Scientific classification
- Kingdom: Plantae
- Clade: Embryophytes
- Clade: Tracheophytes
- Clade: Angiosperms
- Clade: Monocots
- Order: Asparagales
- Family: Orchidaceae
- Subfamily: Orchidoideae
- Tribe: Orchideae
- Subtribe: Orchidinae
- Genus: Habenaria
- Species: H. hymenophylla
- Binomial name: Habenaria hymenophylla Schltr.

= Habenaria hymenophylla =

- Genus: Habenaria
- Species: hymenophylla
- Authority: Schltr.

Species of orchid

Habenaria hymenophylla, commonly known as the coastal rein orchid, is a species of orchid that is endemic to northern Australia. It has up to eight leaves scattered along the stem and up to thirty fragrant green and white flowers.

== Description ==
Habenaria hymenophylla is a tuberous, perennial herb with between six and eight leaves. The leaves are 30-60 mm long and 30-35 mm wide. Between twenty and thirty green and white flowers, 15-18 mm long and 10-13 mm wide are borne on a flowering stem 250-400 mm tall. The flowers have an unpleasant smell, especially in the late afternoon. The dorsal sepal is about 5 mm long and wide and forms a hood over the column. The lateral sepals are a similar size to the dorsal sepal and spread apart from each other. The petals are divided into two lobes about 1.5 mm wide, one about 6 mm long and the other about 3 mm long. The labellum has three thread-like lobes 6-7 mm long. The nectary spur is 11-13 mm long and curved. Flowering occurs from October to April.

==Taxonomy and naming==
Habenaria hymenophylla was first formally described in 1911 by Rudolf Schlechter and the description was published in Repertorium specierum novarum regni vegetabilis.

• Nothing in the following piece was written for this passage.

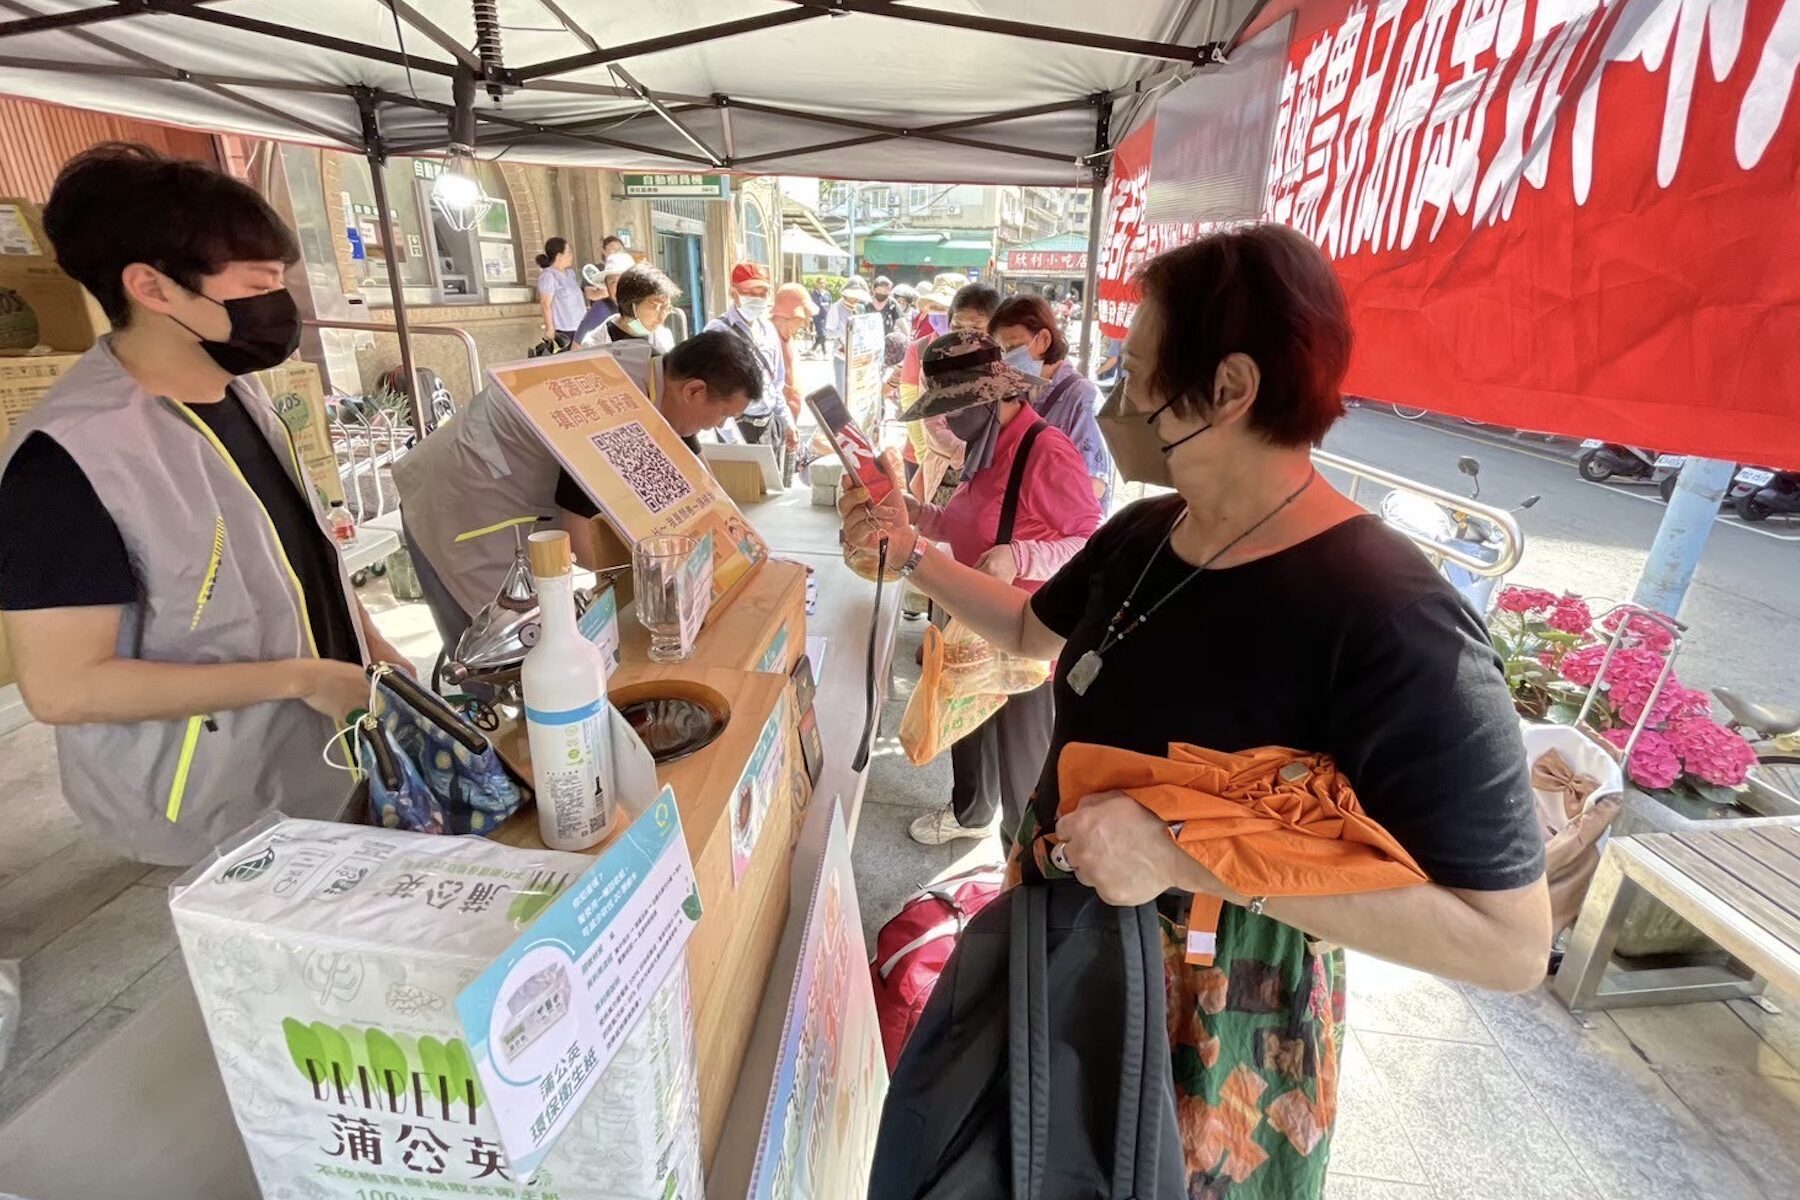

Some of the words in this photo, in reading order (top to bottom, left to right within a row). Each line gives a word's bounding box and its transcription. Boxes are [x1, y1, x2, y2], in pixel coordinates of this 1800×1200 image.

==Distribution and habitat==
The coastal rein is found in northern parts of the Northern Territory where it is found near Darwin, in Arnhem Land and on Melville Island. It also occurs in disjunct populations in Queensland, including on the Cape York Peninsula and between Ingham and Rockhampton. It grows in rainforest, often near the coast and in woodland.